Every vehicle must also be registered with the state, and each owner is responsible for maintaining his or her vehicle. If your car is involved in an accident, the state knows who to go to. Even a licensed driver can’t drive a tank or a rocket car. In other words, you have a right to drive a vehicle you own, but that right is balanced with the right of everyone else to drive their vehicle safely.
Why don’t we treat guns and gun owners like vehicles and their drivers?
All guns should be registered, and all gun owners licensed and made to demonstrate financial responsibility, in the form of insurance or a bond. Gun owners should have to attend gun safety courses and demonstrate a minimal competence and a knowledge of basic gun laws in order to keep and/or carry a firearm.
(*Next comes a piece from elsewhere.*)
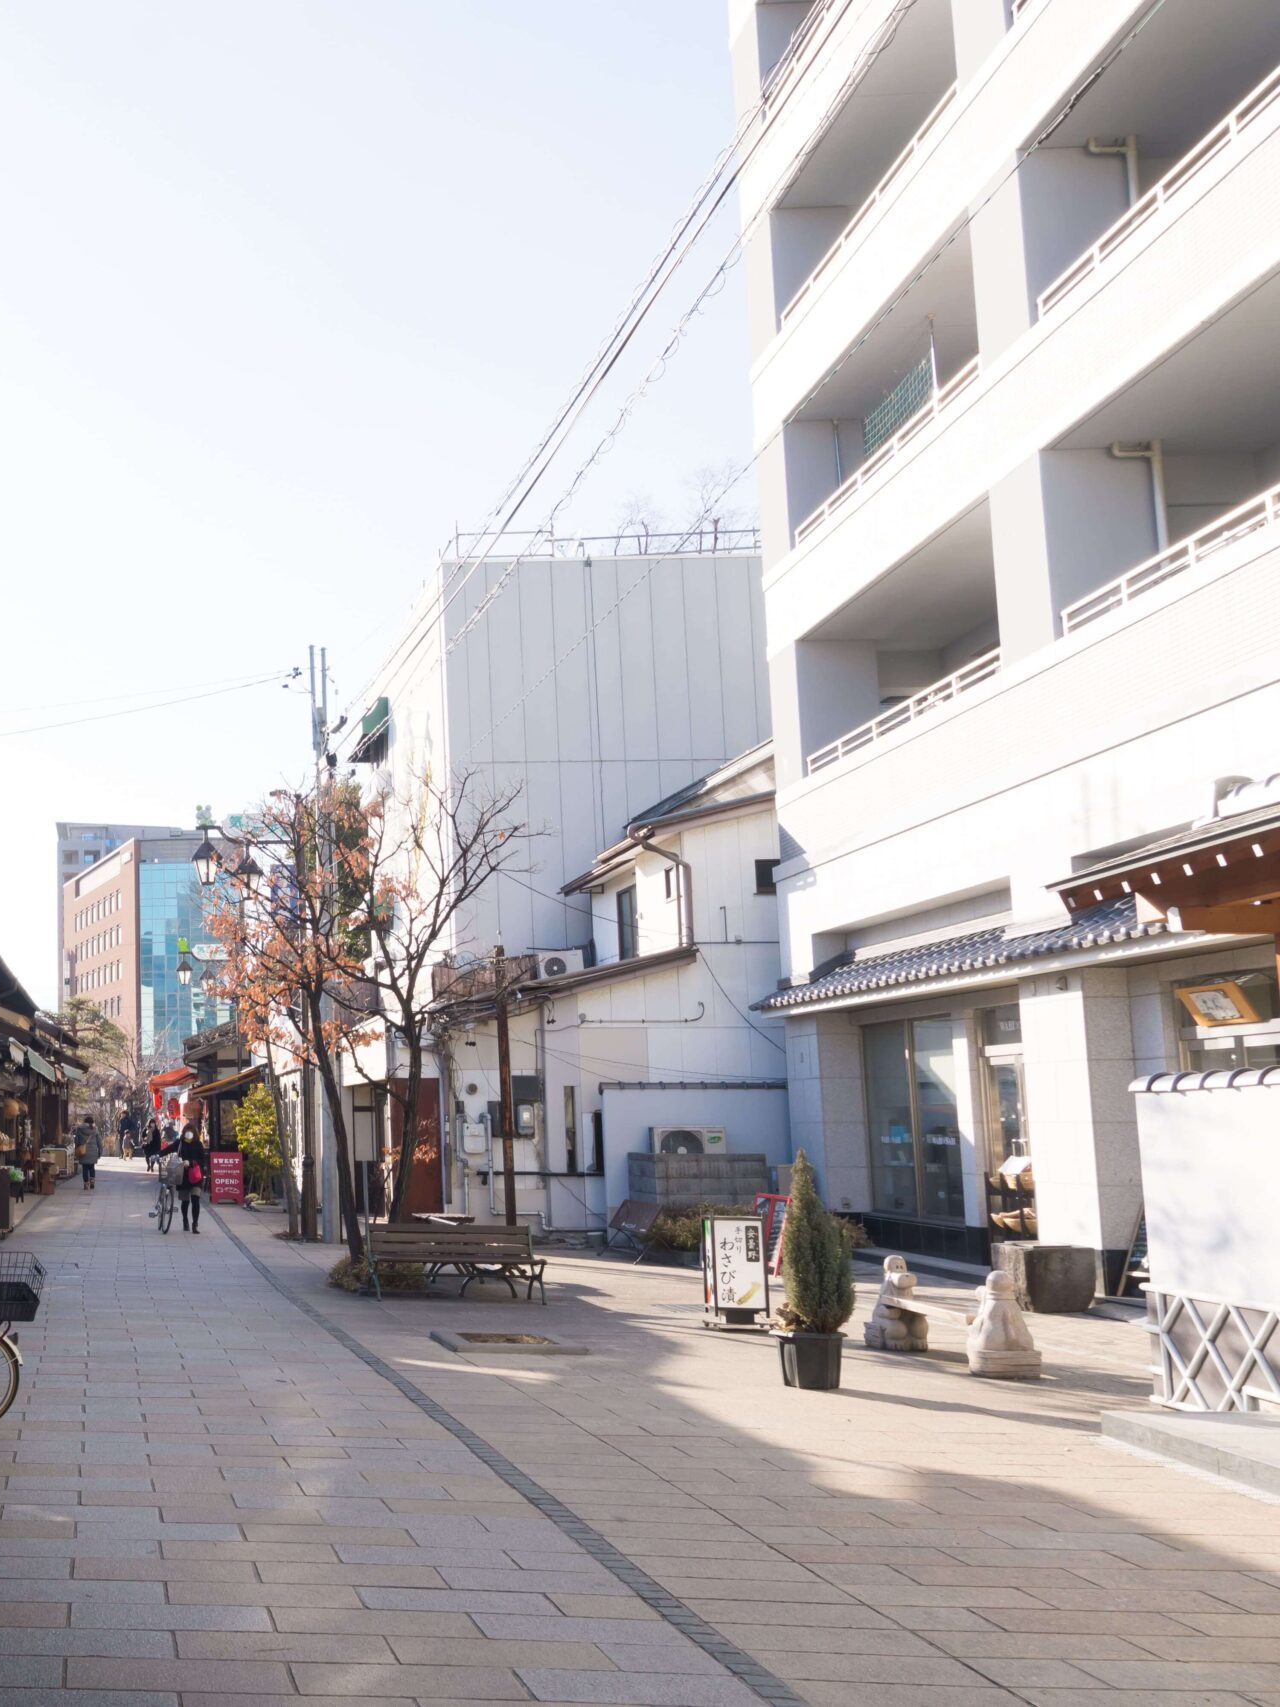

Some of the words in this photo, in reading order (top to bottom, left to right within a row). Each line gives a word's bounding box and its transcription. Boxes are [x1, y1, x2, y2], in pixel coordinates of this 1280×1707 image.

All gun owners should also have to insure every gun, and be required to report it every time their gun is missing or stolen. As with vehicles, registration, licensing and insurance costs could be indexed to the type of gun, and the potential damage. Shotguns could carry a low registration cost, and would probably also be very cheap to insure. A small handgun for personal protection might cost a little more, while military-style weapons could cost a lot more.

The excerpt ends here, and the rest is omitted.